EXERCISE: Reproduce the lines of the material exactly, excluding every image.

■ ■ ■ ■

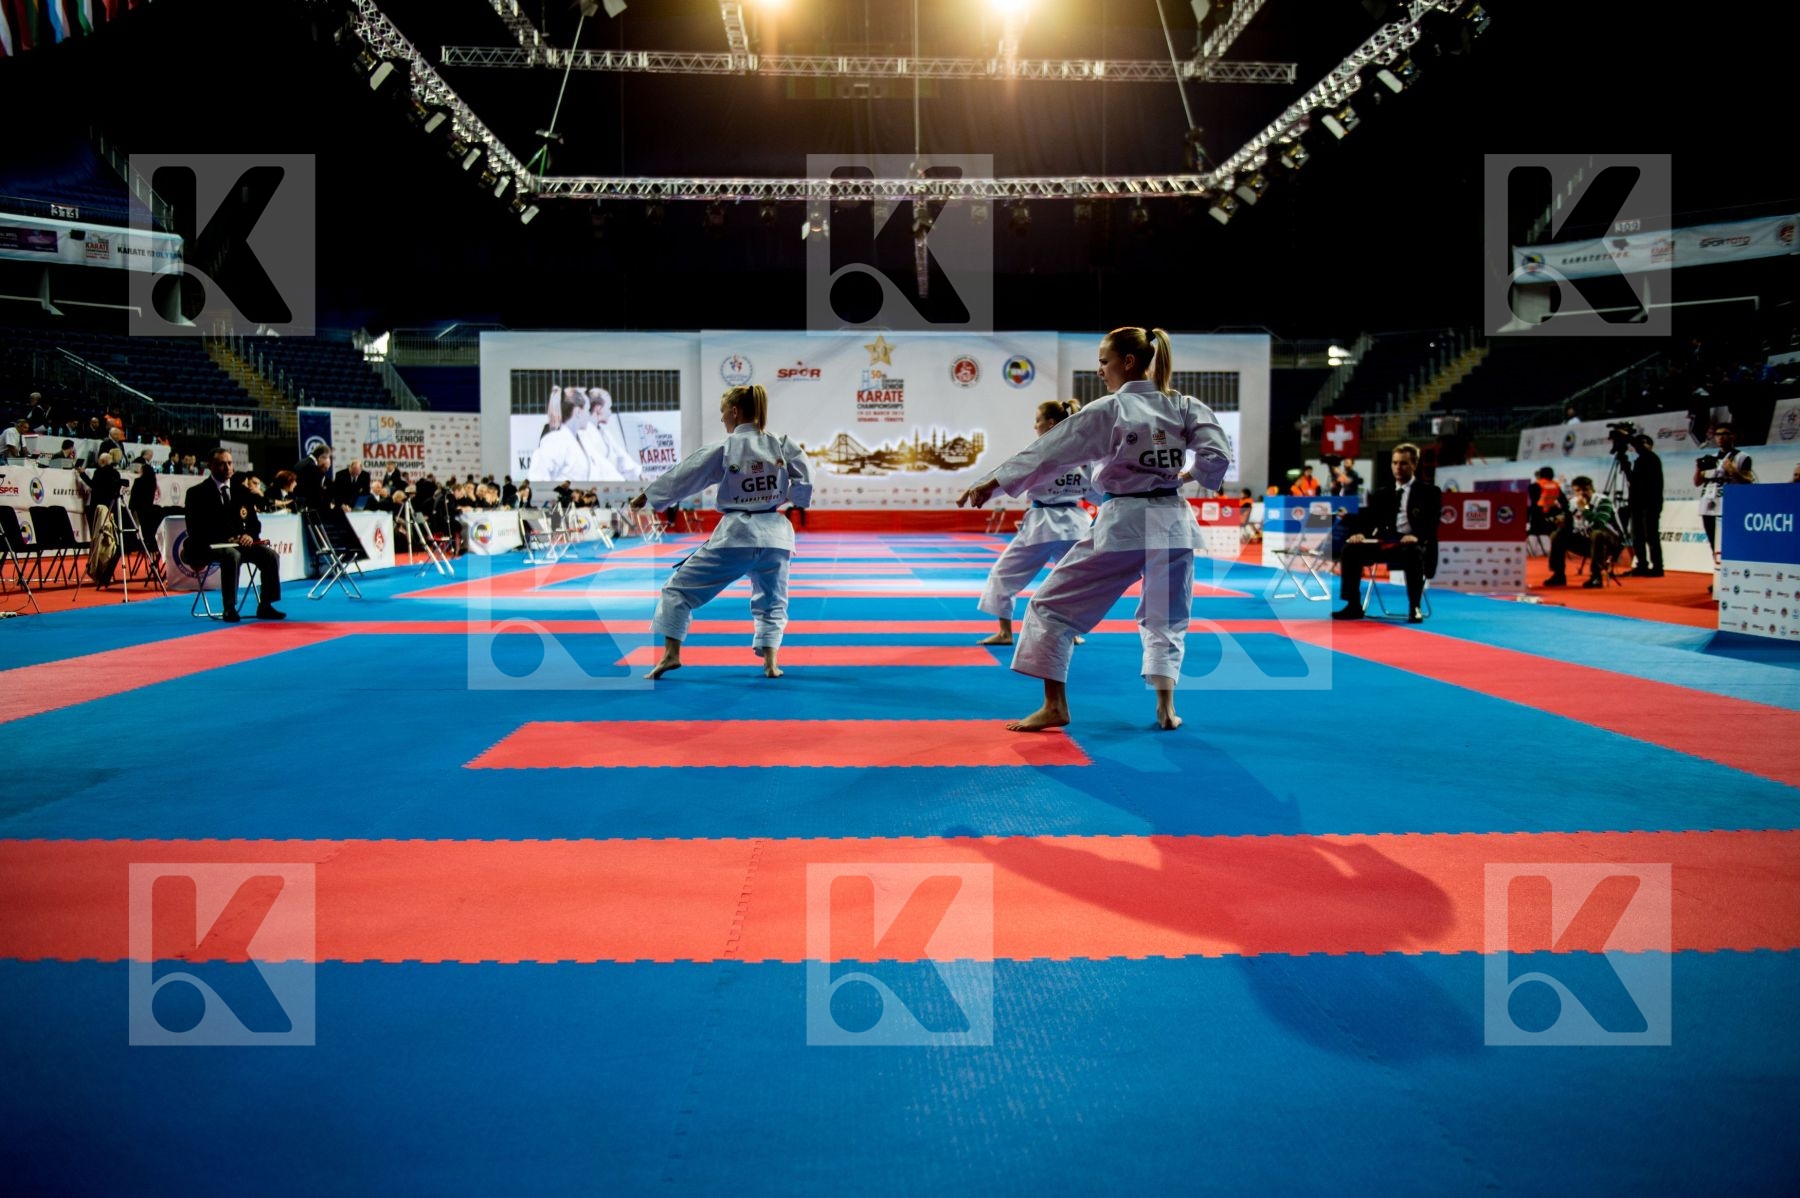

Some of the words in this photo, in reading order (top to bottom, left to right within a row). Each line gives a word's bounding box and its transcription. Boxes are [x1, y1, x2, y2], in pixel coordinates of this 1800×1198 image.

[117, 246, 146, 257] KARATE
[857, 390, 904, 402] KARATE
[225, 416, 251, 430] 114
[380, 416, 402, 428] 50th
[395, 435, 425, 443] SENIOR
[363, 443, 425, 459] KARATE
[639, 448, 677, 464] KARATE
[1139, 448, 1183, 468] GER
[741, 475, 778, 493] GER
[1055, 474, 1081, 487] GER
[1744, 513, 1793, 532] COACH
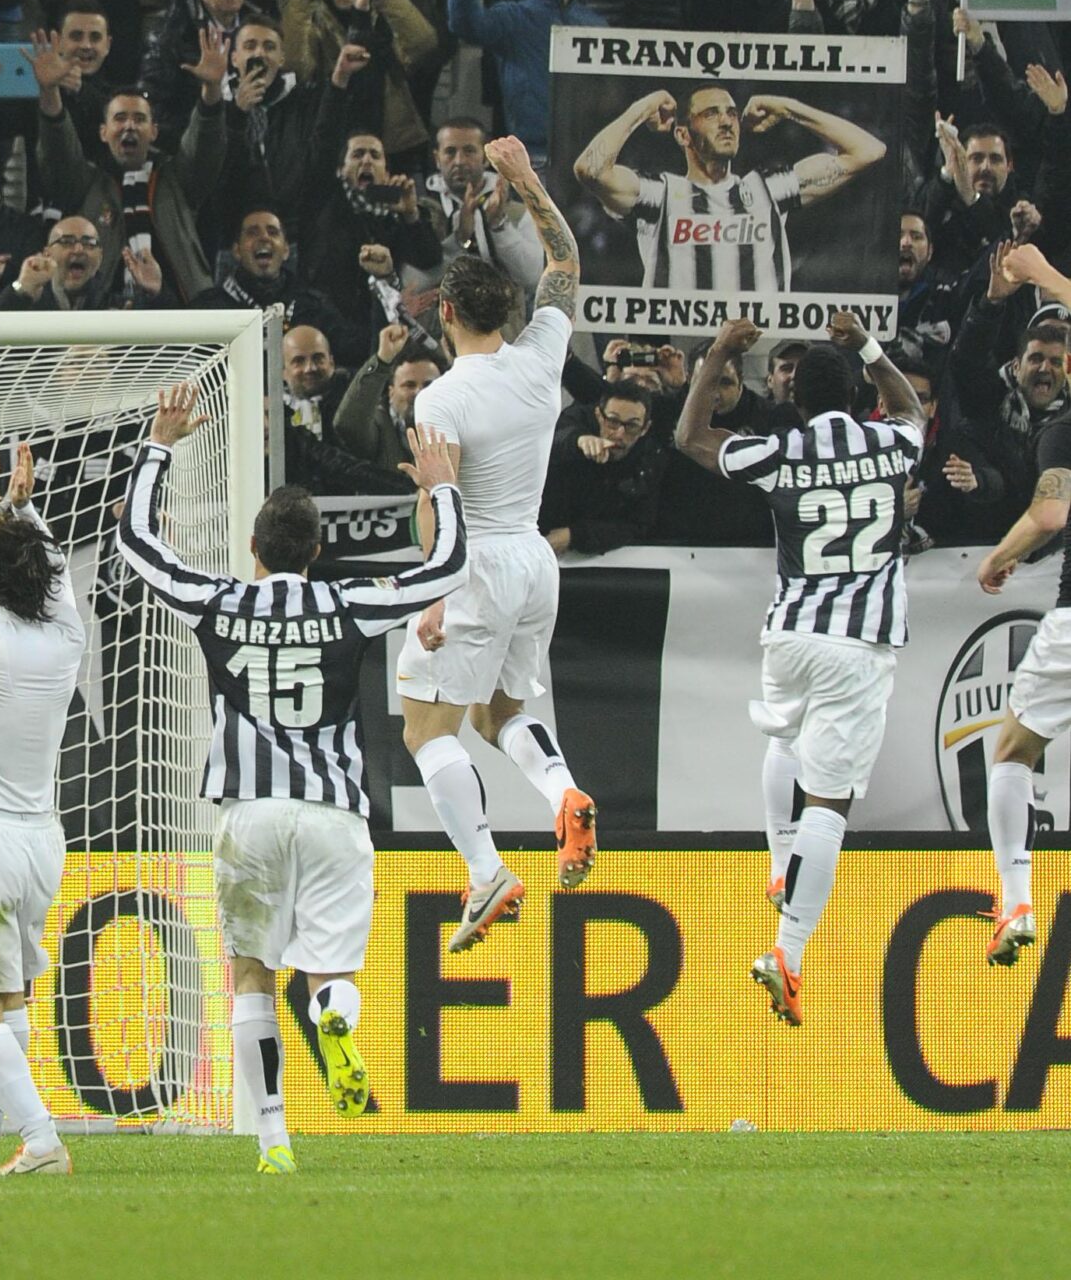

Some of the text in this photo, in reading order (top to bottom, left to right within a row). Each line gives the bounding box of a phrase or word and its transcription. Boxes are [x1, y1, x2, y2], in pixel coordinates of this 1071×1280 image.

[572, 37, 887, 77] TRANQUILLI...
[673, 214, 768, 245] Betclic
[583, 296, 617, 323] CI
[625, 298, 729, 328] PENSA
[778, 449, 905, 489] ASAMOAH
[321, 506, 398, 543] TUS
[798, 482, 896, 575] 22
[215, 614, 343, 645] BARZAGLI
[225, 645, 325, 728] 15
[954, 683, 1014, 723] JUV
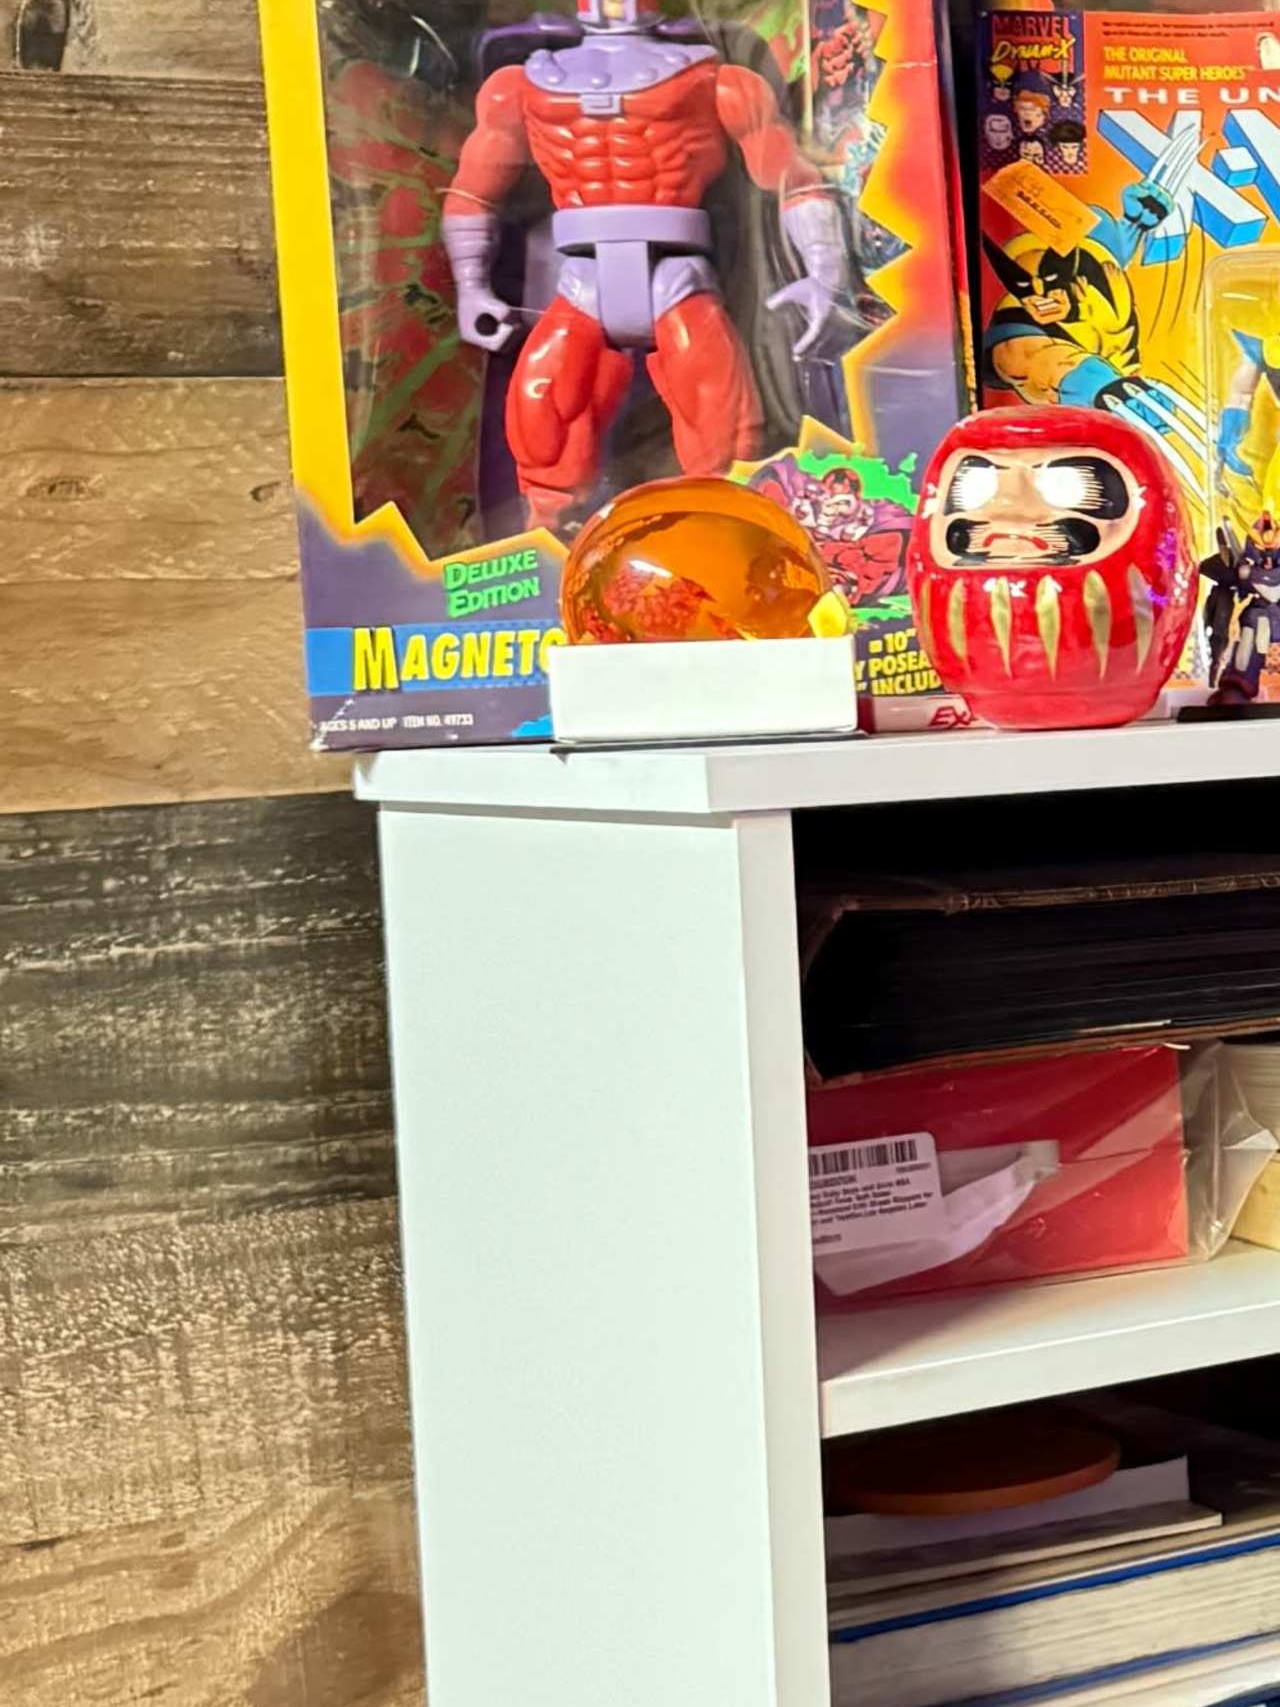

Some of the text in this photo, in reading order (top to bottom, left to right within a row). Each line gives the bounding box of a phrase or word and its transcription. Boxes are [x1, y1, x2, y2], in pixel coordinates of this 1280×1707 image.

[992, 14, 1073, 40] MARVEL
[1103, 46, 1188, 63] THE ORIGINAL
[1103, 65, 1246, 81] MUTANT SUPER HEROES
[1104, 87, 1199, 104] THE
[445, 548, 539, 590] DELUXE
[447, 576, 542, 619] EDITION
[871, 669, 942, 695] INCLUD
[358, 718, 380, 730] AND
[381, 716, 397, 729] UP

■ ■ ■ ■

RESULT FOR THIS TASK:
Some of the words in this photo, in reading order (top to bottom, left to right within a row). Each line gives a word's bounding box and its transcription. Boxes are [x1, y1, x2, y2], in pixel coordinates of this 1800×1198 image.

[117, 246, 146, 257] KARATE
[857, 390, 904, 402] KARATE
[225, 416, 251, 430] 114
[380, 416, 402, 428] 50th
[395, 435, 425, 443] SENIOR
[363, 443, 425, 459] KARATE
[639, 448, 677, 464] KARATE
[1139, 448, 1183, 468] GER
[741, 475, 778, 493] GER
[1055, 474, 1081, 487] GER
[1744, 513, 1793, 532] COACH

Some of the text in this photo, in reading order (top to bottom, left to right within a row). Each line gives the bounding box of a phrase or word and its transcription. Boxes are [x1, y1, x2, y2], in pixel coordinates of this 1071×1280 image.

[572, 37, 887, 77] TRANQUILLI...
[673, 214, 768, 245] Betclic
[583, 296, 617, 323] CI
[625, 298, 729, 328] PENSA
[778, 449, 905, 489] ASAMOAH
[321, 506, 398, 543] TUS
[798, 482, 896, 575] 22
[215, 614, 343, 645] BARZAGLI
[225, 645, 325, 728] 15
[954, 683, 1014, 723] JUV

Some of the text in this photo, in reading order (top to bottom, left to right within a row). Each line gives the bounding box of a phrase or word and its transcription. Boxes are [x1, y1, x2, y2], in pixel coordinates of this 1280×1707 image.

[992, 14, 1073, 40] MARVEL
[1103, 46, 1188, 63] THE ORIGINAL
[1103, 65, 1246, 81] MUTANT SUPER HEROES
[1104, 87, 1199, 104] THE
[445, 548, 539, 590] DELUXE
[447, 576, 542, 619] EDITION
[871, 669, 942, 695] INCLUD
[358, 718, 380, 730] AND
[381, 716, 397, 729] UP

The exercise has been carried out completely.